It's Well Past Time to Stop the Looting

Thursday, June 27, 2013

Economist Barry Poulson, commenting at Forbes, drew me in this morning with the following rather inspiring title: "It's Well Past Time to Scrap the Federal Student Loan Program". But then he lost me when he noted that, "Milton Friedman challenged this social benefit argument and questioned whether government subsidies to higher education are a good investment".
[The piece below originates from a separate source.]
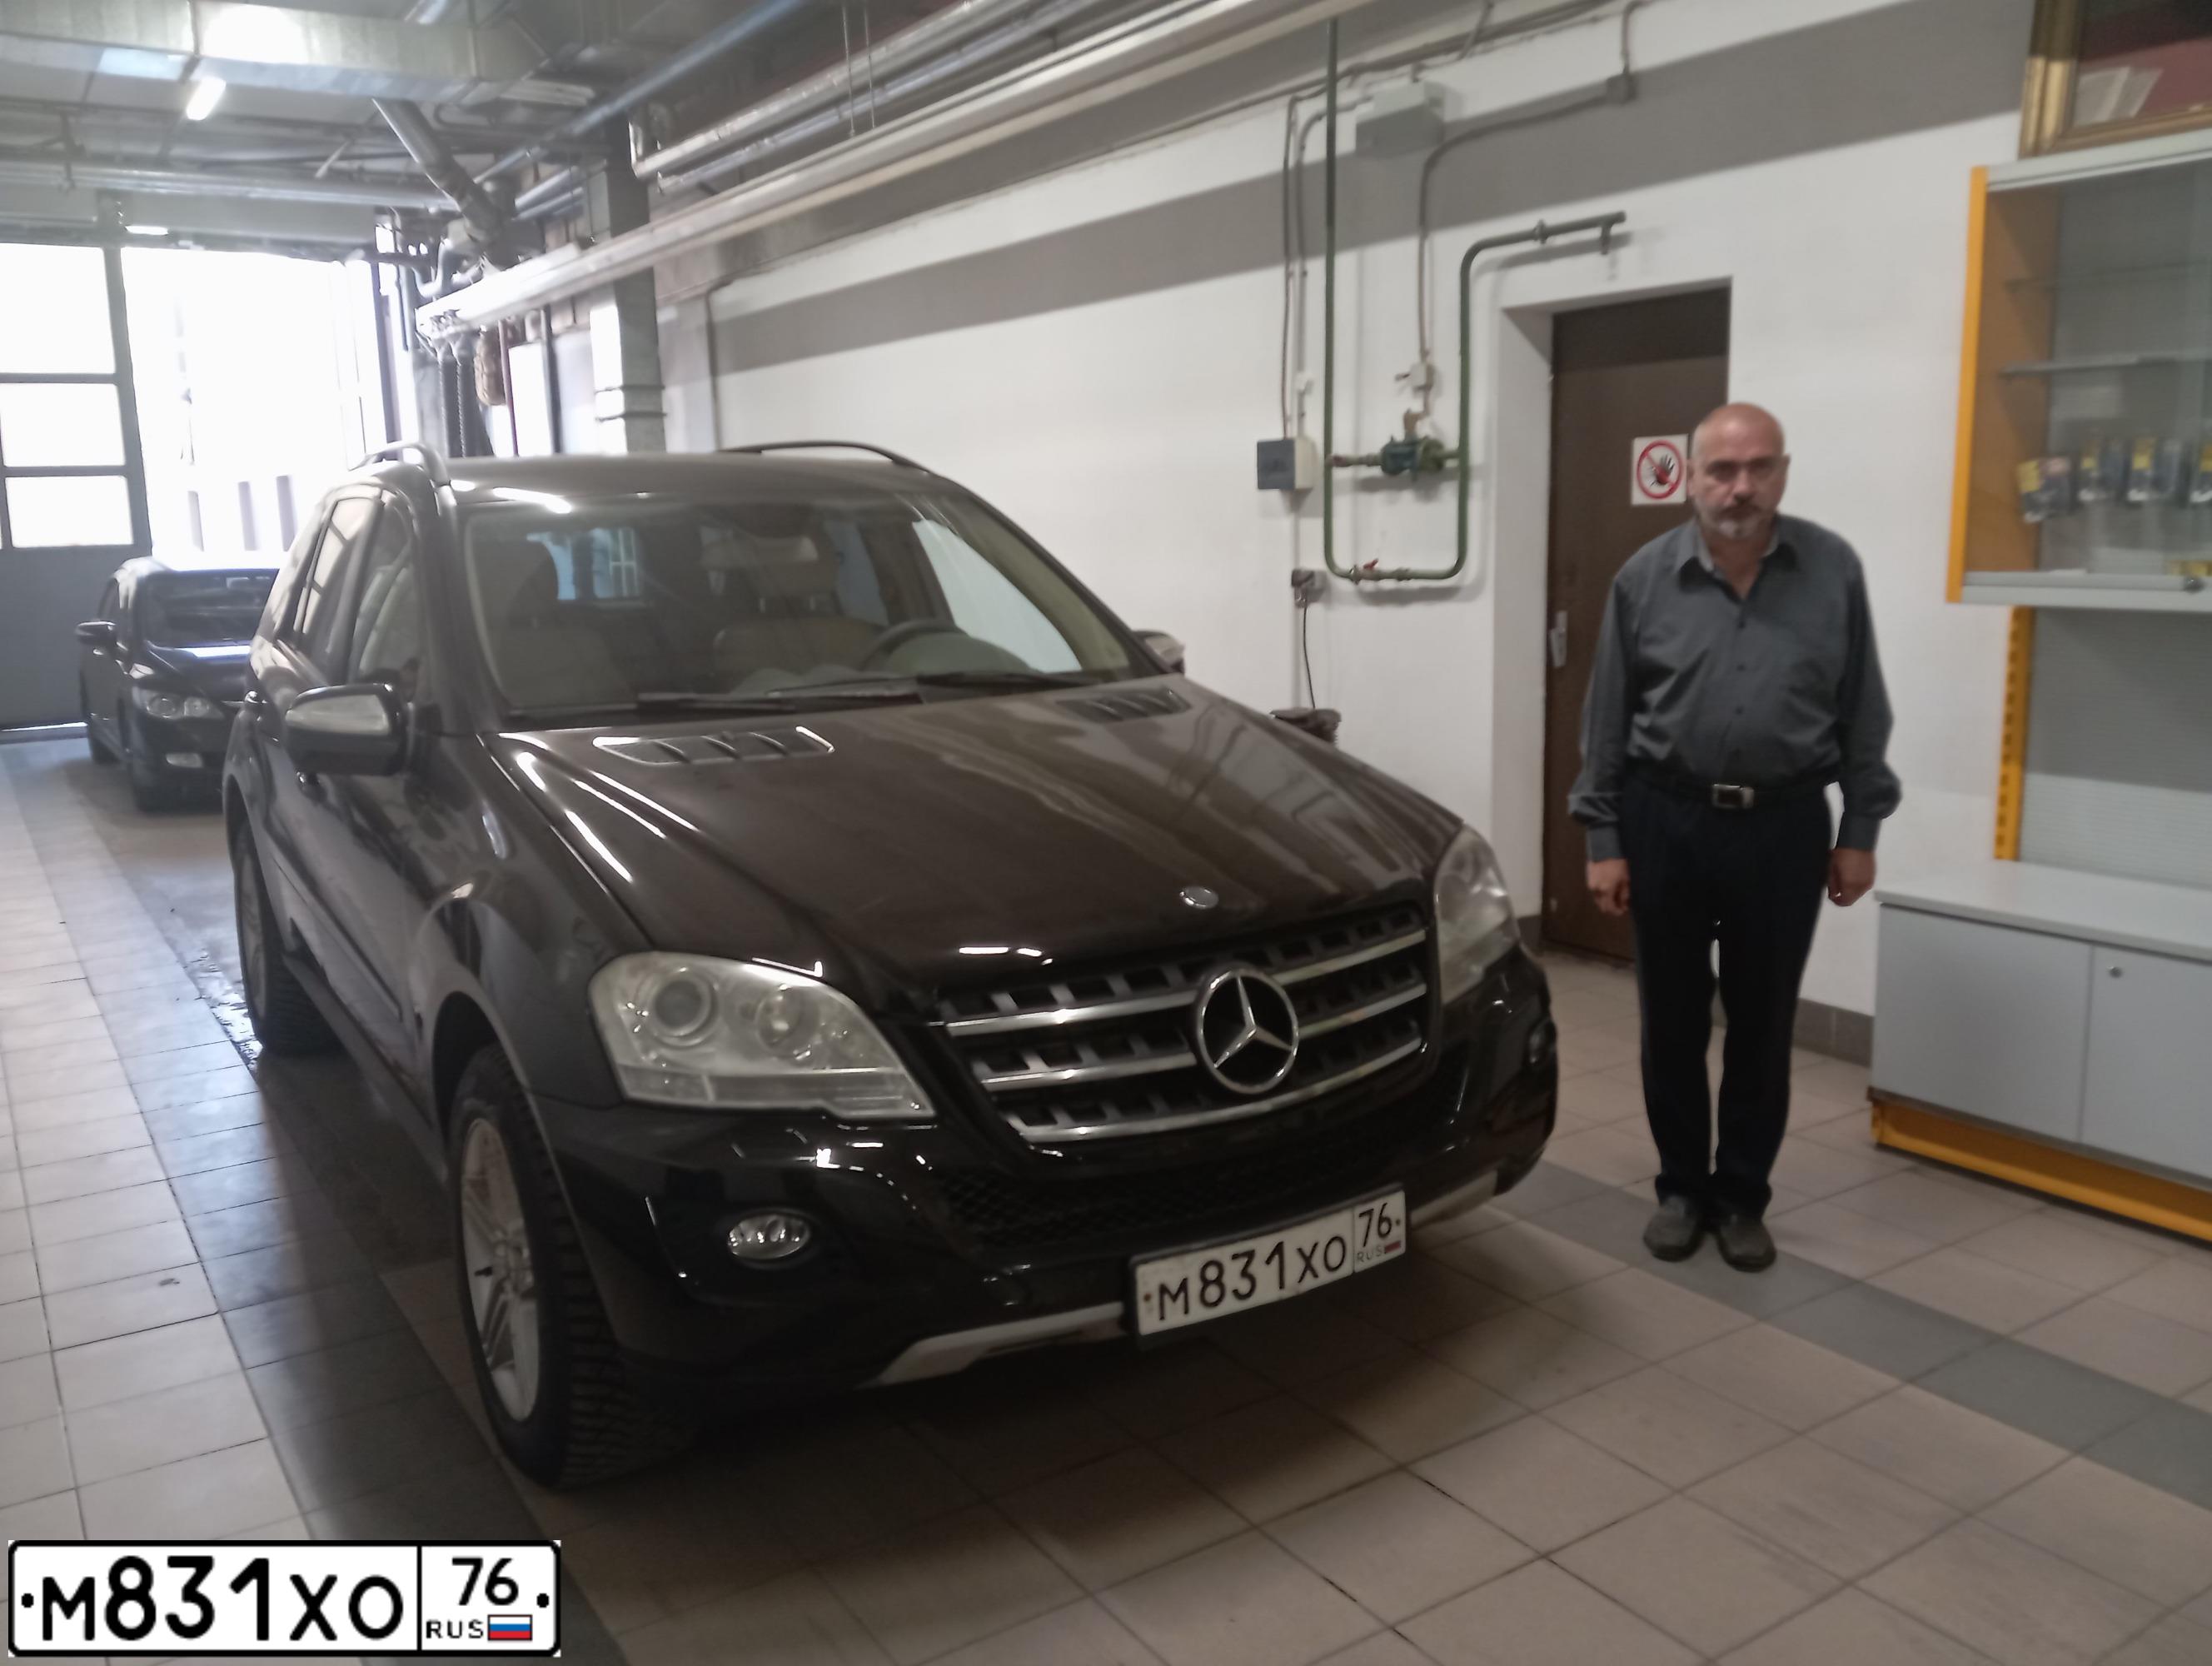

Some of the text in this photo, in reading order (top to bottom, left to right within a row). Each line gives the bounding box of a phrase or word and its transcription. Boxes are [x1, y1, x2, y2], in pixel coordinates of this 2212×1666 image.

[1158, 1203, 1392, 1321] М831ХО 76
[1357, 1245, 1384, 1264] RUS
At this point, it became apparent that Poulson was merely engaging in a cost-benefit analysis, and was not using his careful documentation of the damage wrought by this federal program as part of a broader argument for limited government. The rest of the piece bore these suspicions out. For example, rather than noting that such gimmicks as loan forgiveness and federal guarantees constitute redistribution of loot, Poulson takes the looting as a given and merely advocates a different means of fencing the goods:

If the federal government is to subsidize college students it should replace the student loan program with a voucher plan. All direct federal subsidies to higher education could also be redirected to a student voucher plan. With devolution of the voucher plan to the states much of the federal bureaucracy in higher education would be eliminated.
I pass over such questions as whether fifty bureaucracies are better than one, whether a voucher plan would do anything to eliminate the perverse incentive for people to attend college when they shouldn't, and how the chance for students to invest "their" "voucher funds" is any better than investing their own money has proven to be. These are all irrelevant since the government would still be picking our pockets and would still remain in a position to dictate how colleges are run.